First, let's start with a brief overview of what IWM is and why it's important. IWM is an exchange-traded fund, or ETF, that tracks the performance of the Russell 2000 Index, which is a stock market index that measures the performance of small-cap companies listed on the U.S. stock exchanges. Small-cap companies, as the name suggests, are typically smaller in size and market capitalization compared to their larger, more established counterparts.
The Russell 2000 Index is named after the Russell Investment Group, which created the index in 1984. It is considered a benchmark for small-cap stocks and is composed of the bottom 2,000 stocks in the Russell 3000 Index, which is a market-cap weighted index that represents the 3,000 largest publicly traded U.S. companies.

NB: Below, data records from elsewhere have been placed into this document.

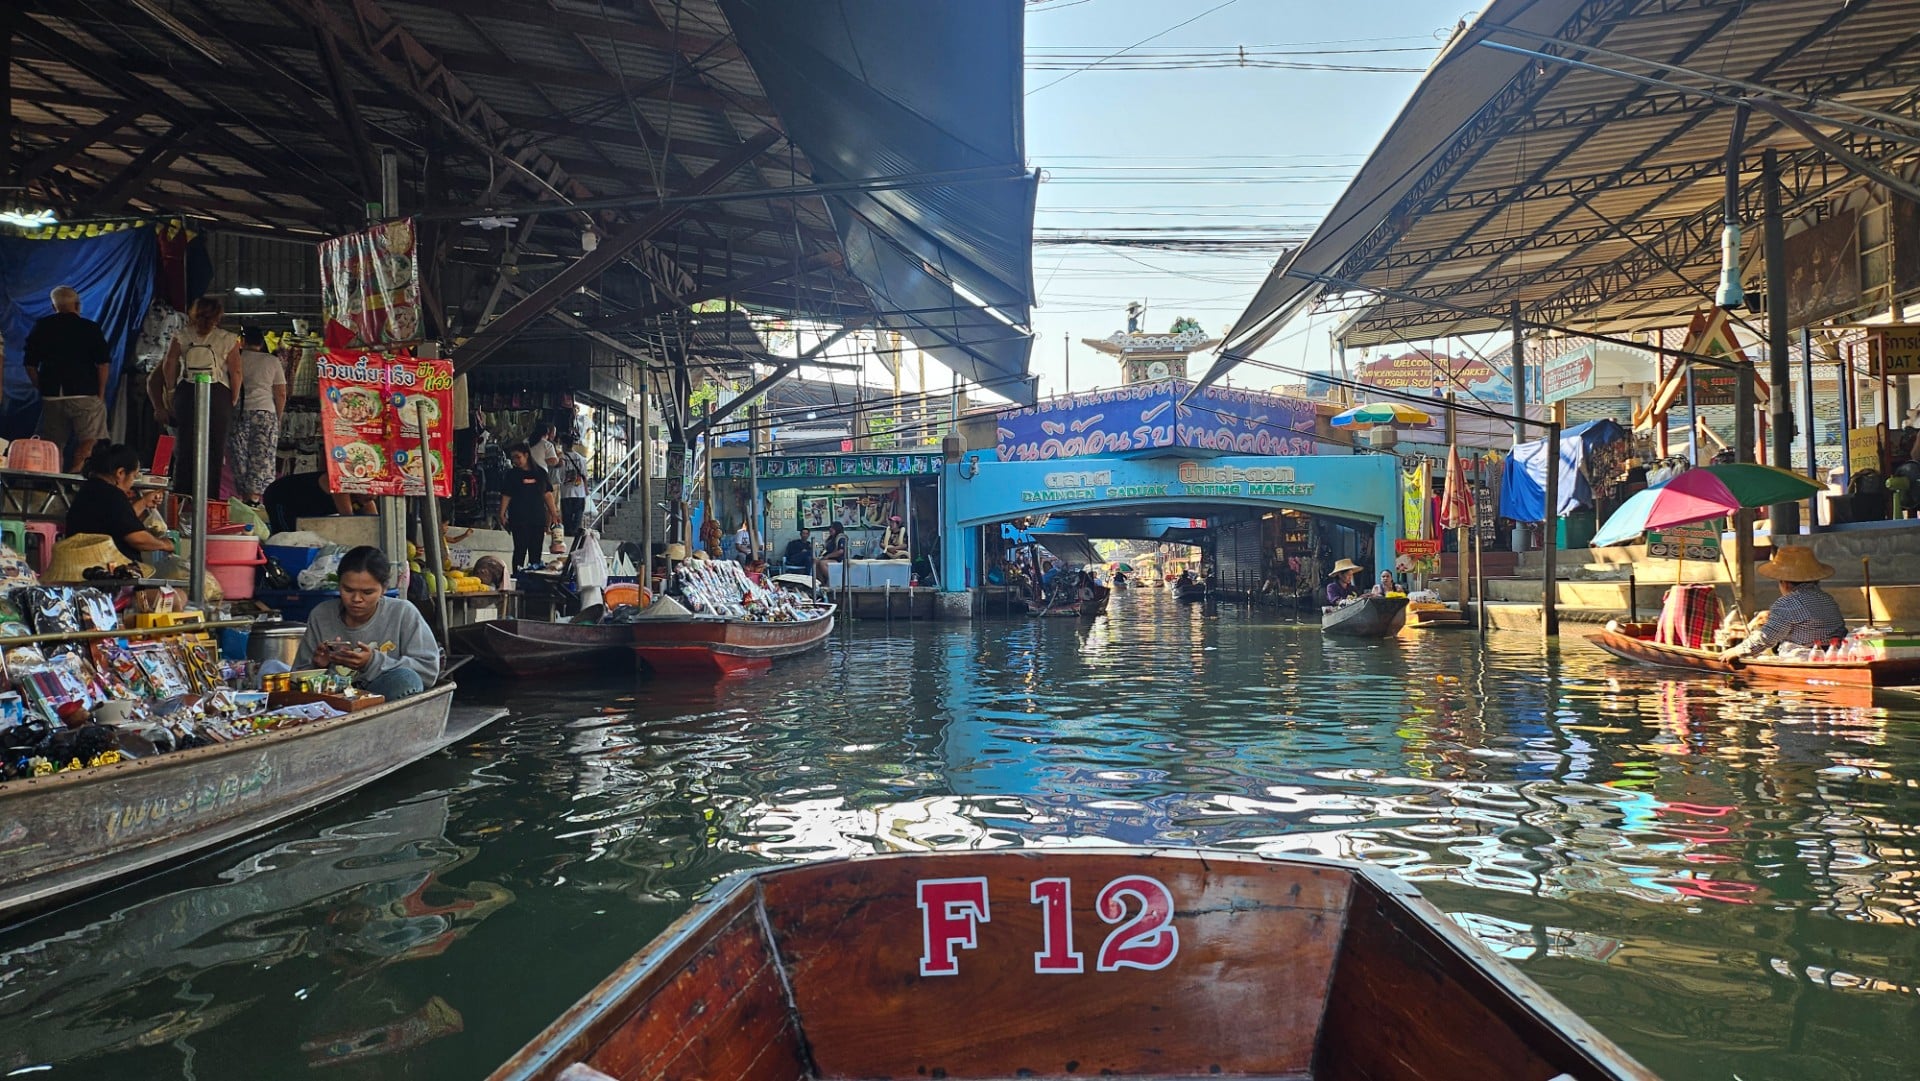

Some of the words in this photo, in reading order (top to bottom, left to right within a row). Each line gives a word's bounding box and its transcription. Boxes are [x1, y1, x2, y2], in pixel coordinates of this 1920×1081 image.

[997, 401, 1174, 462] ยินดีต้อนรับ
[1022, 487, 1096, 502] DAMNOEN
[1107, 484, 1168, 498] SADUAK
[1249, 483, 1315, 496] MARKET
[1044, 470, 1112, 489] ตลาด
[916, 876, 991, 976] F
[1030, 874, 1180, 974] 12

Now, why is IWM important? Well, for one, small-cap stocks tend to be more volatile and risky compared to large-cap stocks, but they also have the potential to offer higher returns over the long term. By investing in IWM, investors can get exposure to a diversified portfolio of small-cap companies without having to research and buy individual stocks. This makes IWM a convenient and easy way for investors to gain exposure to the small-cap market.
IWM is also popular among investors for its liquidity and ease of trading. It has an average daily trading volume of over 22 million shares and is listed on multiple exchanges, making it easy for investors to buy and sell shares.
Now, let's delve into the specifics of IWM. As an ETF, IWM is structured as a fund that holds a basket of stocks that track the performance of the underlying index, in this case, the Russell 2000 Index. The fund is managed by BlackRock, one of the largest asset managers in the world.
IWM has a total of 2,000 stocks in its portfolio, which are selected and weighted based on the market capitalization of the underlying companies. The top 10 holdings make up about 10% of the fund's assets, and the top 50 holdings make up about 30%. This means that IWM has a fairly diversified portfolio, with no one stock having a large impact on the fund's overall performance.
Some of the top holdings in IWM include companies like Zscaler, Guardant Health, and Moderna, all of which are in the technology and healthcare sectors. These sectors have been performing well in recent years, and their inclusion in the fund has helped drive strong returns for IWM.
Since its inception in 2000, IWM has had a strong track record of performance. It has delivered an average annual return of 8.5% over the past 20 years, outpacing the S&P 500, which has returned an average of 7.5% over the same period.
IWM has also performed well during times of market stress, such as the 2008 financial crisis. During that time, the fund lost 37% of its value, while the S&P 500 lost over 50%. This demonstrates the potential for small-cap stocks to offer some downside protection during times of market turmoil.
One important thing to note about IWM is its expense ratio, which is a measure of the annual fees charged by the fund. IWM has an expense ratio of 0.19%, which is relatively low compared to other ETFs. This means that investors can expect to pay relatively low annual fees for the convenience and diversification offered by the fund.
In conclusion, IWM is a popular and convenient way for investors to gain exposure to small-cap stocks.